A tre giorni da impatto "fine di muondo", Alberto ed io sbarchiamo per l'ennesima volta nel ridente paesino di ***, e io mi metto a fare tutti i test di integrazione dell'universo criàto. Alcuni vanno, altri no. Ripetendoli, ci sta che ciò che non andava vada, e viceversa. Mi giurassero che la sala operativa è stata costruita su un antico cimitero azteco e il cassone è adesso pertanto posseduto dall'animaccia nera di Huitzilopochtli, ci crederei a occhi chiusi. Vengo da un mese molto stressante; comincio ad allucinare. Da dentro i tombini per la strada, mi appaiono clown che mi propongono soluzioni di debug.

A un certo punto, dopo tre giorni che mangio poco, dormo meno, non mi lavo e non mi rado (le prime due per me sono molto insolite), prevedibilmente mi parte il boccino.

"Basta," esplodo, "io adesso questo ammasso di rottami radioattivi lo smonto pezzo a pezzo finché non arrivo ai bulloni, che almeno i bulloni dicono la verità!"

Nel mentre che Alberto mi guarda con aria preoccupata, io senza neanche spegnere niente, come un forsennato apro il portello del cassone e procedo a staccare i cavi dal computer principale.

Stacco i connettori del mouse, del video, della tastiera.
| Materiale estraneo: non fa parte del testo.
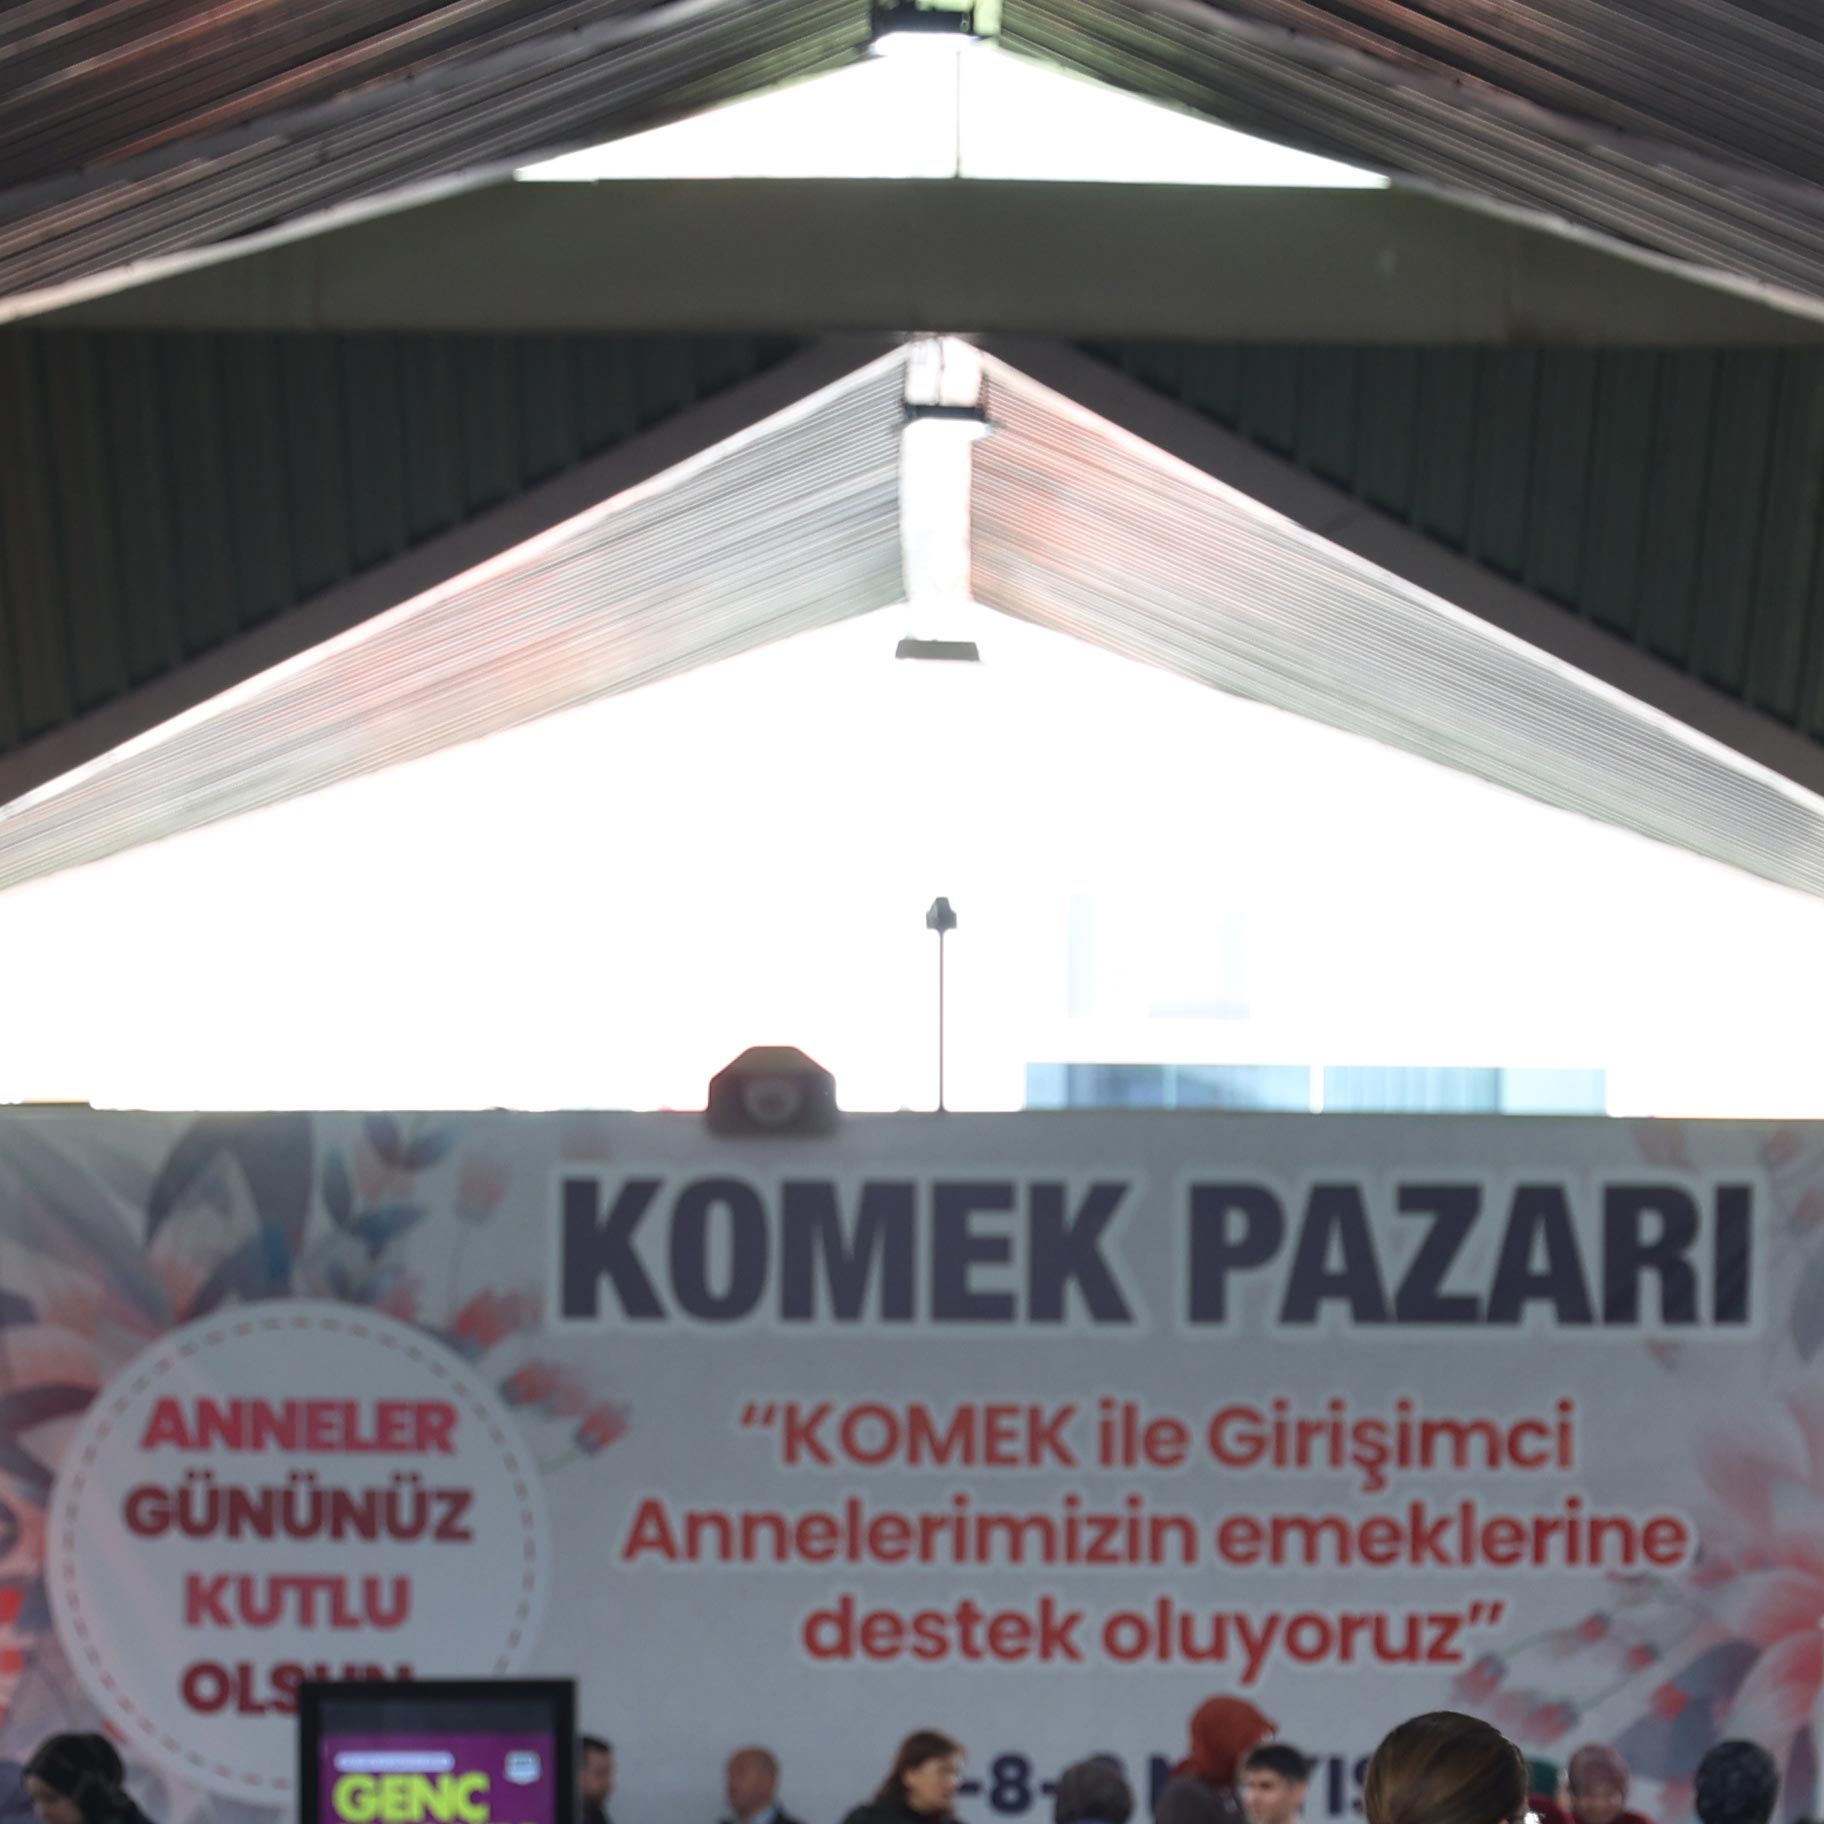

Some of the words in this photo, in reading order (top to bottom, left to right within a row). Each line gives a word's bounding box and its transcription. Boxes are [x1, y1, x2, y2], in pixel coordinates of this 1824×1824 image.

[560, 1176, 1134, 1326] KOMEK
[1187, 1181, 1754, 1327] PAZARI
[139, 1396, 458, 1454] ANNELER
[1096, 1395, 1190, 1468] ile
[1206, 1397, 1573, 1492] Girişimci
[122, 1468, 474, 1544] GÜNÜNÜZ
[620, 1492, 1197, 1564] Annelerimizin
[1215, 1494, 1691, 1566] emeklerine
[184, 1572, 412, 1629] KUTLU
[802, 1592, 1083, 1661] destek
Stacco il connettore di rete RG-58 (eh già) e quello della seriale. Stacco la porta parallela.

E' rimasto solo il cavo dell'alimentazione della corrente ed il bocchettone del cavo d'antenna che va sul tetto.
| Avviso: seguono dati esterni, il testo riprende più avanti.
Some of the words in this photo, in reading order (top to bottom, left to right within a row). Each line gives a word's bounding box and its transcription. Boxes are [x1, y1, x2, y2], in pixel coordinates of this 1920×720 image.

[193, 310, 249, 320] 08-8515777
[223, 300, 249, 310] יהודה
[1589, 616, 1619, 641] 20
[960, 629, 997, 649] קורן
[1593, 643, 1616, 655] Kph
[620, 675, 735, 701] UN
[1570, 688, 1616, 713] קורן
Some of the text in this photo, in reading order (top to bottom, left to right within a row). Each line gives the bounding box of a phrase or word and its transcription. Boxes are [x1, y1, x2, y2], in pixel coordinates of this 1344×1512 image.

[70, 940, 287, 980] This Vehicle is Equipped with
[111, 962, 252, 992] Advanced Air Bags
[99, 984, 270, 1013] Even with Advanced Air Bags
Mi sporgo dentro il cassone, appoggio la mano destra sudaticcia sullo chassis metallico del computer, allungo la sinistra, afferro il bocchettone pure metallico del cavo, e inizio a svitare digrignando i denti.

Due giri, tre, quattro, e finalmente il bocchettone è libero, e tenendolo saldamente nella sinistra sudaticcia, lo stacco dal connettore del corpo macchina, metallico, a cui sono ancora appoggiato con la mano destra.

E, in quel momento, capisco tutto. La definirei una folgorazione. Entro in contatto con l'energia cosmica, col piano Akashico, i Di Superiores et Involuti, l'etere dello Zelèm, e forse anche con la vicina centrale idroelettrica.

"Gnnnhpgpttnddnnn" grugnisco, e riesco a lasciare andare lo chassis; dopo di che, mi siedo in terra un momento, per riflettere sul da farsi intanto che mi si riavvia il sistema.

Alberto mi squadra ancor più preoccupato.

"Tutto bene?" mi fa.

"Certo. Benissimo. Perché non dovrebbe andare tutto bene?" rispondo, mentre mi alzo in qualche modo. La cosa da farsi è semplice e chiarissima. In effetti, riesco a pensare a pochissimo altro.

"Leo, hai, um... la faccia a scacchi bianchi e rossi..."

"Lo deve fare. L'elettricista."

"...Eh?"

Elettricista "L'elettricista", ripeto, e mi allontano barcollante, facendo una pregevole imitazione - probabilmente anche olfattiva - del tecnico di Base Alfa Anton Zoref, dopo che Carter l'ha centrato col laser.

Ho ricordi confusi: devo aver girato per l'edificio, e arrivo a questa saletta piena di gente mai vista, con l'aria ufficiale e ben vestita. Sudicio, ispido, sconvolto e con un marcato bouquet di alpeggio ("valle sub alarum trux habitare caper", come dice il poeta), entro nella saletta con un'espressione alla Mr. Magoo, mormorando "Elettricista?".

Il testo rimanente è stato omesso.